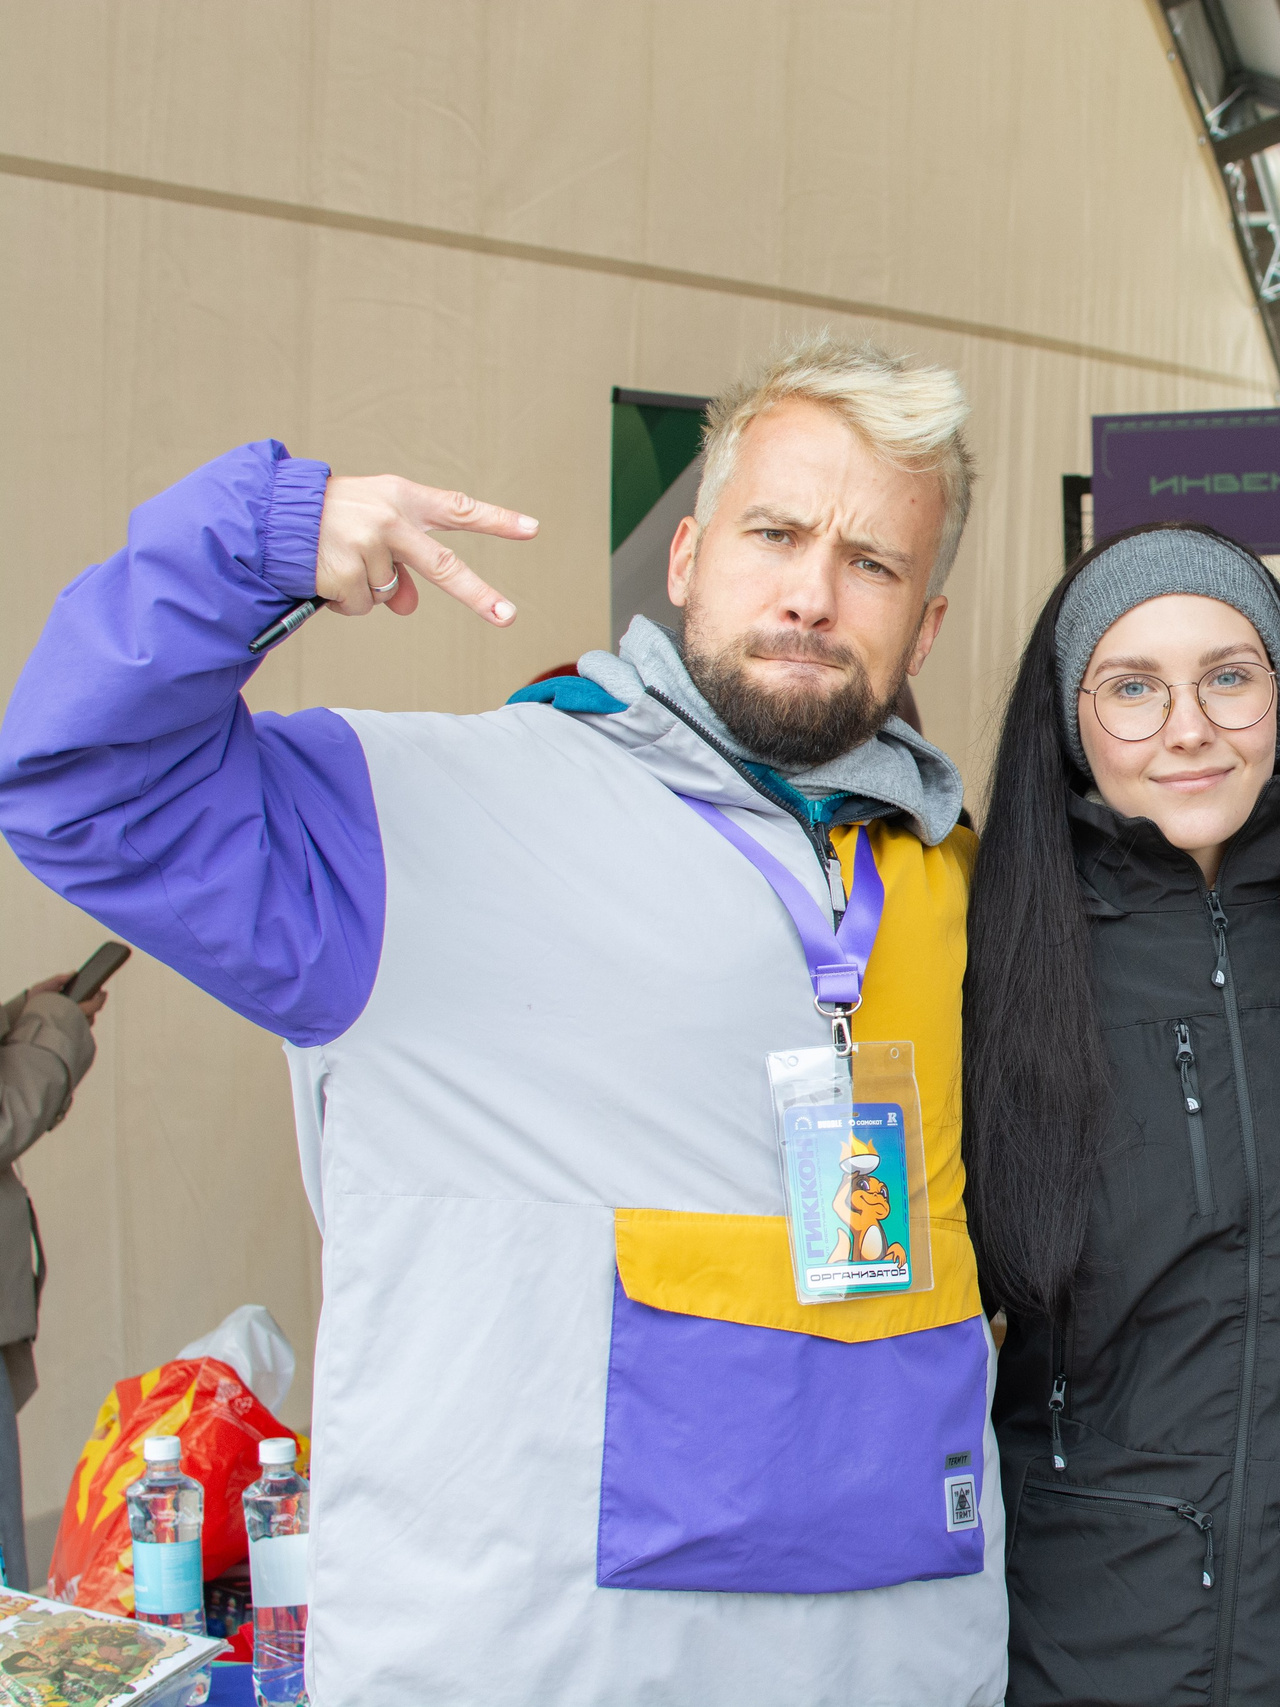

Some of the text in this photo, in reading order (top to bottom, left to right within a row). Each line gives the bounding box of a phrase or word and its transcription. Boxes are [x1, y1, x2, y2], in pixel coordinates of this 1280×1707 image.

[797, 1138, 825, 1259] ГИККОН
[810, 1267, 907, 1282] ОРГАНИЗАТОР
[955, 1510, 971, 1520] TRMT
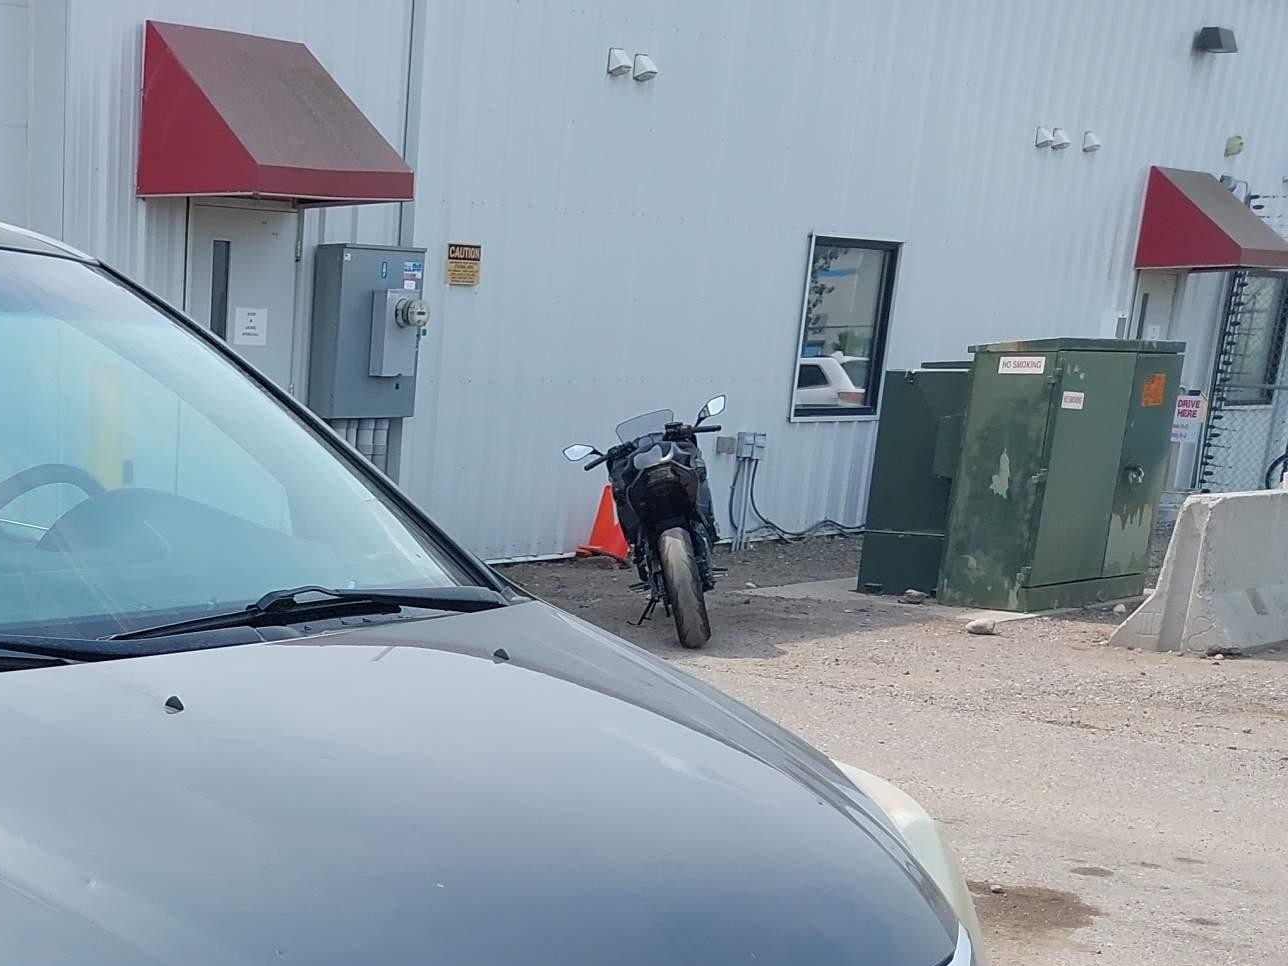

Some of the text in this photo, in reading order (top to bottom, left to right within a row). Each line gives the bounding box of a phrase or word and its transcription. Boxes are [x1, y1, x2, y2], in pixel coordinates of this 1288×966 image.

[449, 246, 480, 259] CAUTION
[1001, 360, 1042, 369] NO SMOKING
[1177, 399, 1201, 409] DRIVE
[1176, 409, 1198, 418] HERE
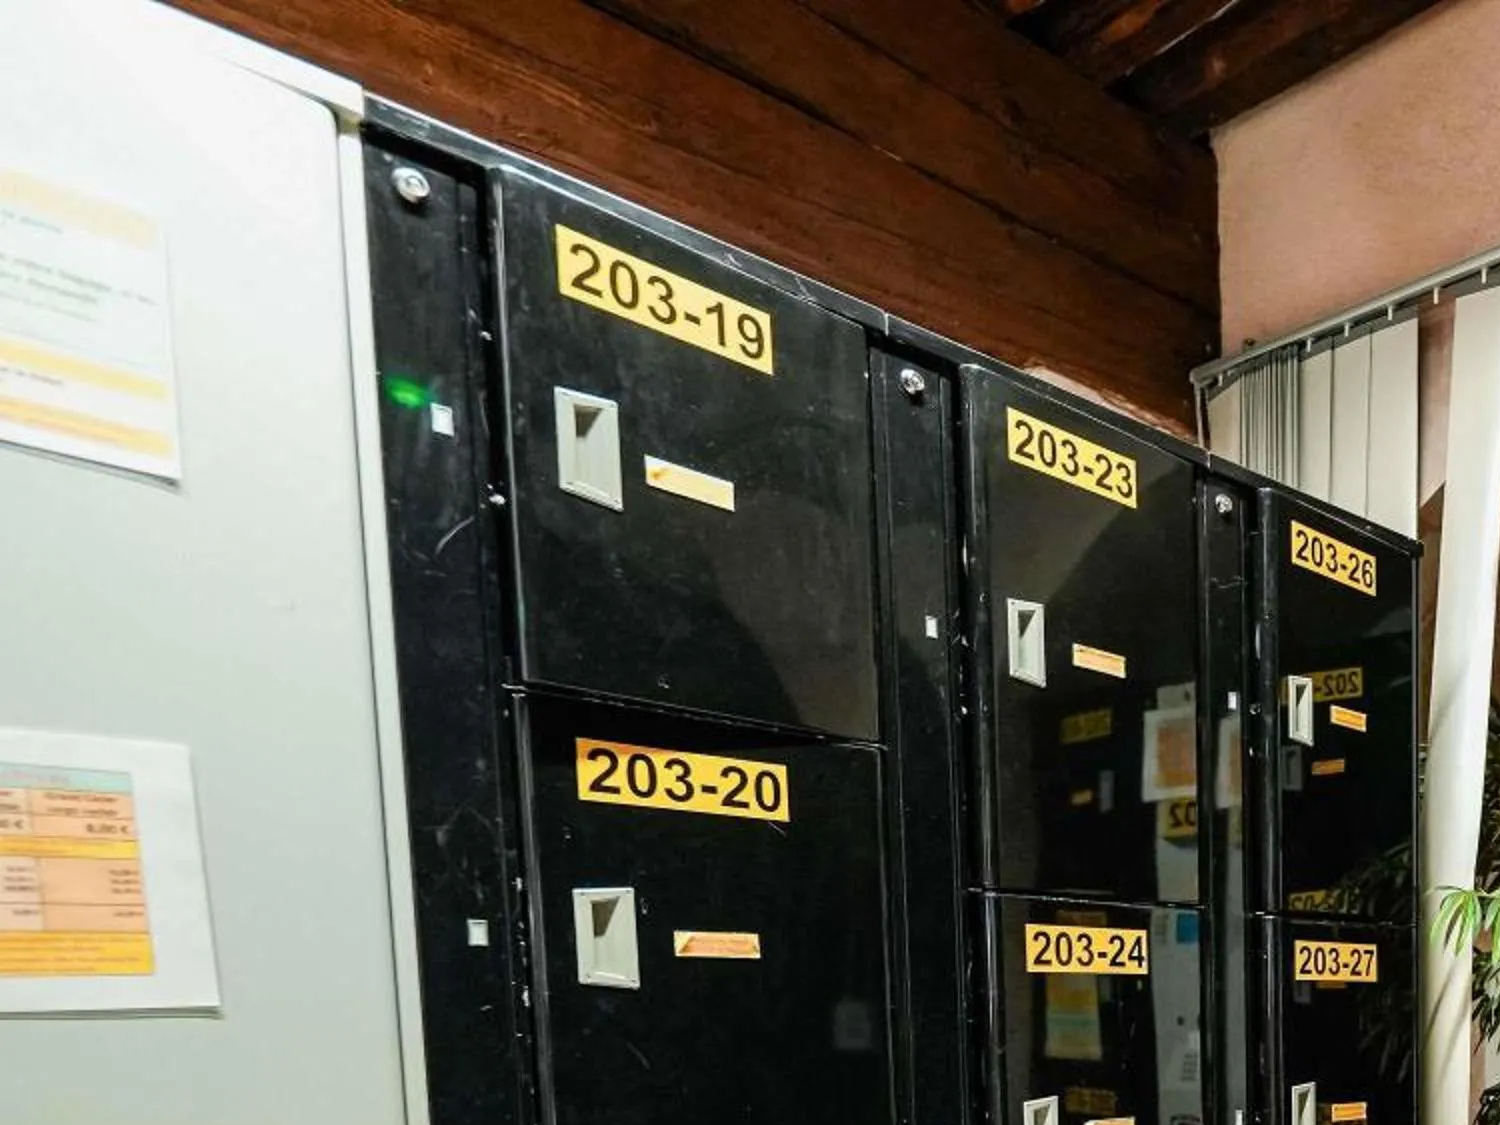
---------------
### Activity
Please keep every line of the data the same when you reproduce it, and keep every picture out.

### Worked solution
Some of the text in this photo, in reading order (top to bottom, left to right within a row). Each line gives the bounding box of a phrase or word and its transcription. Boxes are [x1, y1, x2, y2], in pixel coordinates of this 1280×1707 image.

[797, 1138, 825, 1259] ГИККОН
[810, 1267, 907, 1282] ОРГАНИЗАТОР
[955, 1510, 971, 1520] TRMT

Some of the text in this photo, in reading order (top to bottom, left to right within a row). Each line gives the bounding box of a phrase or word and its transcription. Boxes are [x1, y1, x2, y2], in pixel coordinates of this 1288×966 image.

[449, 246, 480, 259] CAUTION
[1001, 360, 1042, 369] NO SMOKING
[1177, 399, 1201, 409] DRIVE
[1176, 409, 1198, 418] HERE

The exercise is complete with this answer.